Task to complete >>
Give back all of the data unchanged. Keep every word as it is.

(Records from a data source)

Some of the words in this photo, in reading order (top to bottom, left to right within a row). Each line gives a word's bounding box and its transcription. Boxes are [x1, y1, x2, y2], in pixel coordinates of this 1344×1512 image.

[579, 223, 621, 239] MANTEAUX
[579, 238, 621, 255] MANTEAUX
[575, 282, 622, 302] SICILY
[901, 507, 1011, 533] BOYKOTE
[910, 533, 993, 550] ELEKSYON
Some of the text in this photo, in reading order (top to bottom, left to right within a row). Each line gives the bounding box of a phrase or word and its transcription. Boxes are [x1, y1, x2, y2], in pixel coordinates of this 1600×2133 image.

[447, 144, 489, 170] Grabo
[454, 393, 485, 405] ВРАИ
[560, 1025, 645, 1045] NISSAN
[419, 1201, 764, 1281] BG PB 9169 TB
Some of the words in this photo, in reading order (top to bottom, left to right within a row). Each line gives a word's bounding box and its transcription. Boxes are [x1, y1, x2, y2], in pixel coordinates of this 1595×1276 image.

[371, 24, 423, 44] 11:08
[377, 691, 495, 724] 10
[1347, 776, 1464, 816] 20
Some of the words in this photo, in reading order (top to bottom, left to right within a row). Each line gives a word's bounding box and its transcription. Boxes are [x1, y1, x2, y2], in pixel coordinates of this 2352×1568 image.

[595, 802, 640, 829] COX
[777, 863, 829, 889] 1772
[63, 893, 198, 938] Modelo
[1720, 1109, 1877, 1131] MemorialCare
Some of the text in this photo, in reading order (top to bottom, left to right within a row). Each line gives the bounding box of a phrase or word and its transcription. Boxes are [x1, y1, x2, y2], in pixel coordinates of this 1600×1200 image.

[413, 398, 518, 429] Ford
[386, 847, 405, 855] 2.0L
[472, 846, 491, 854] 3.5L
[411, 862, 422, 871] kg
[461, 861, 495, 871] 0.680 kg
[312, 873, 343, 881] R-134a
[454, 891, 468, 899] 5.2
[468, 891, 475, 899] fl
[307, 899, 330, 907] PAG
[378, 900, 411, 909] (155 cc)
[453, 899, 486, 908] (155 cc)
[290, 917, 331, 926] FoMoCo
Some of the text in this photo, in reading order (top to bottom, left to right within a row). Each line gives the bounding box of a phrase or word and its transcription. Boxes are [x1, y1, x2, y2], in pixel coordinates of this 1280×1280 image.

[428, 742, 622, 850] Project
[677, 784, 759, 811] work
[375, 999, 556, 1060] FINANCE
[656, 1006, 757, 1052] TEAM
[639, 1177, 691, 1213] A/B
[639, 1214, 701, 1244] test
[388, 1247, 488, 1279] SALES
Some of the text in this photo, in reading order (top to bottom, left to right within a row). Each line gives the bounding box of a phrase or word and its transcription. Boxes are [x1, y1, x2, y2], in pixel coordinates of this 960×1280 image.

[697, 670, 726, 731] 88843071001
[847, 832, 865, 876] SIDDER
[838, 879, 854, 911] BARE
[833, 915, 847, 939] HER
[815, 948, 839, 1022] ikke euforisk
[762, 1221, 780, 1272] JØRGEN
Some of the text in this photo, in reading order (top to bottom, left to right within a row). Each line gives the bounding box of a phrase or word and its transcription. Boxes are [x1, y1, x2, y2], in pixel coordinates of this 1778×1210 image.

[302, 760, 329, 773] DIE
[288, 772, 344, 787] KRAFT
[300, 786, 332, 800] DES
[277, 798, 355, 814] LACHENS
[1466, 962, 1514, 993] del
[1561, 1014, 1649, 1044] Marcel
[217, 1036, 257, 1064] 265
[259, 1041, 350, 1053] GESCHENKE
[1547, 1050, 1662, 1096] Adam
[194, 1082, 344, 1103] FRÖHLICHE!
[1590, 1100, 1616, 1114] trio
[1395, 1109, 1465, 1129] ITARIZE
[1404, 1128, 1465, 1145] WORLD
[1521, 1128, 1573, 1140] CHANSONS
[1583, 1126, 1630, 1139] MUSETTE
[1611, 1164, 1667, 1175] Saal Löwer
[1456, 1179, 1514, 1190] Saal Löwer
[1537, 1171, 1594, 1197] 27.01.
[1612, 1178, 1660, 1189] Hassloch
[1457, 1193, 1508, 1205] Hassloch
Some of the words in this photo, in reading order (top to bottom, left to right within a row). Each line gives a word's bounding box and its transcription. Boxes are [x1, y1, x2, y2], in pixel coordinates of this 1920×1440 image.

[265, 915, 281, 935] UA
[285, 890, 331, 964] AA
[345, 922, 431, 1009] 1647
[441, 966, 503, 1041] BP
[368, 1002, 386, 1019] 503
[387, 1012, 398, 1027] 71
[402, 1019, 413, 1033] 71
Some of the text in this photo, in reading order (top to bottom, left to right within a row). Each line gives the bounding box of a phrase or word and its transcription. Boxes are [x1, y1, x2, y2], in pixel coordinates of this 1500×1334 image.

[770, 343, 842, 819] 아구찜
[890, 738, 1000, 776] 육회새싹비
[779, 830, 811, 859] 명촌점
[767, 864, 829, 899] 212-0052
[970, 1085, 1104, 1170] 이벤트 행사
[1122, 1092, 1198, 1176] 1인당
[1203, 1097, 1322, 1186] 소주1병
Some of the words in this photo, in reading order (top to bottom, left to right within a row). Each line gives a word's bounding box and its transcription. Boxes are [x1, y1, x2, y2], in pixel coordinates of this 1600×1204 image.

Your solution >>
Some of the words in this photo, in reading order (top to bottom, left to right within a row). Each line gives a word's bounding box and its transcription. Boxes are [x1, y1, x2, y2], in pixel coordinates of this 1344×1512 image.

[579, 223, 621, 239] MANTEAUX
[579, 238, 621, 255] MANTEAUX
[575, 282, 622, 302] SICILY
[901, 507, 1011, 533] BOYKOTE
[910, 533, 993, 550] ELEKSYON
Some of the text in this photo, in reading order (top to bottom, left to right within a row). Each line gives the bounding box of a phrase or word and its transcription. Boxes are [x1, y1, x2, y2], in pixel coordinates of this 1600×2133 image.

[447, 144, 489, 170] Grabo
[454, 393, 485, 405] ВРАИ
[560, 1025, 645, 1045] NISSAN
[419, 1201, 764, 1281] BG PB 9169 TB
Some of the words in this photo, in reading order (top to bottom, left to right within a row). Each line gives a word's bounding box and its transcription. Boxes are [x1, y1, x2, y2], in pixel coordinates of this 1595×1276 image.

[371, 24, 423, 44] 11:08
[377, 691, 495, 724] 10
[1347, 776, 1464, 816] 20
Some of the words in this photo, in reading order (top to bottom, left to right within a row). Each line gives a word's bounding box and its transcription. Boxes are [x1, y1, x2, y2], in pixel coordinates of this 2352×1568 image.

[595, 802, 640, 829] COX
[777, 863, 829, 889] 1772
[63, 893, 198, 938] Modelo
[1720, 1109, 1877, 1131] MemorialCare
Some of the text in this photo, in reading order (top to bottom, left to right within a row). Each line gives the bounding box of a phrase or word and its transcription. Boxes are [x1, y1, x2, y2], in pixel coordinates of this 1600×1200 image.

[413, 398, 518, 429] Ford
[386, 847, 405, 855] 2.0L
[472, 846, 491, 854] 3.5L
[411, 862, 422, 871] kg
[461, 861, 495, 871] 0.680 kg
[312, 873, 343, 881] R-134a
[454, 891, 468, 899] 5.2
[468, 891, 475, 899] fl
[307, 899, 330, 907] PAG
[378, 900, 411, 909] (155 cc)
[453, 899, 486, 908] (155 cc)
[290, 917, 331, 926] FoMoCo
Some of the text in this photo, in reading order (top to bottom, left to right within a row). Each line gives the bounding box of a phrase or word and its transcription. Boxes are [x1, y1, x2, y2], in pixel coordinates of this 1280×1280 image.

[428, 742, 622, 850] Project
[677, 784, 759, 811] work
[375, 999, 556, 1060] FINANCE
[656, 1006, 757, 1052] TEAM
[639, 1177, 691, 1213] A/B
[639, 1214, 701, 1244] test
[388, 1247, 488, 1279] SALES
Some of the text in this photo, in reading order (top to bottom, left to right within a row). Each line gives the bounding box of a phrase or word and its transcription. Boxes are [x1, y1, x2, y2], in pixel coordinates of this 960×1280 image.

[697, 670, 726, 731] 88843071001
[847, 832, 865, 876] SIDDER
[838, 879, 854, 911] BARE
[833, 915, 847, 939] HER
[815, 948, 839, 1022] ikke euforisk
[762, 1221, 780, 1272] JØRGEN
Some of the text in this photo, in reading order (top to bottom, left to right within a row). Each line gives the bounding box of a phrase or word and its transcription. Boxes are [x1, y1, x2, y2], in pixel coordinates of this 1778×1210 image.

[302, 760, 329, 773] DIE
[288, 772, 344, 787] KRAFT
[300, 786, 332, 800] DES
[277, 798, 355, 814] LACHENS
[1466, 962, 1514, 993] del
[1561, 1014, 1649, 1044] Marcel
[217, 1036, 257, 1064] 265
[259, 1041, 350, 1053] GESCHENKE
[1547, 1050, 1662, 1096] Adam
[194, 1082, 344, 1103] FRÖHLICHE!
[1590, 1100, 1616, 1114] trio
[1395, 1109, 1465, 1129] ITARIZE
[1404, 1128, 1465, 1145] WORLD
[1521, 1128, 1573, 1140] CHANSONS
[1583, 1126, 1630, 1139] MUSETTE
[1611, 1164, 1667, 1175] Saal Löwer
[1456, 1179, 1514, 1190] Saal Löwer
[1537, 1171, 1594, 1197] 27.01.
[1612, 1178, 1660, 1189] Hassloch
[1457, 1193, 1508, 1205] Hassloch
Some of the words in this photo, in reading order (top to bottom, left to right within a row). Each line gives a word's bounding box and its transcription. Boxes are [x1, y1, x2, y2], in pixel coordinates of this 1920×1440 image.

[265, 915, 281, 935] UA
[285, 890, 331, 964] AA
[345, 922, 431, 1009] 1647
[441, 966, 503, 1041] BP
[368, 1002, 386, 1019] 503
[387, 1012, 398, 1027] 71
[402, 1019, 413, 1033] 71
Some of the text in this photo, in reading order (top to bottom, left to right within a row). Each line gives the bounding box of a phrase or word and its transcription. Boxes are [x1, y1, x2, y2], in pixel coordinates of this 1500×1334 image.

[770, 343, 842, 819] 아구찜
[890, 738, 1000, 776] 육회새싹비
[779, 830, 811, 859] 명촌점
[767, 864, 829, 899] 212-0052
[970, 1085, 1104, 1170] 이벤트 행사
[1122, 1092, 1198, 1176] 1인당
[1203, 1097, 1322, 1186] 소주1병
Some of the words in this photo, in reading order (top to bottom, left to right within a row). Each line gives a word's bounding box and its transcription. Boxes are [x1, y1, x2, y2], in pixel coordinates of this 1600×1204 image.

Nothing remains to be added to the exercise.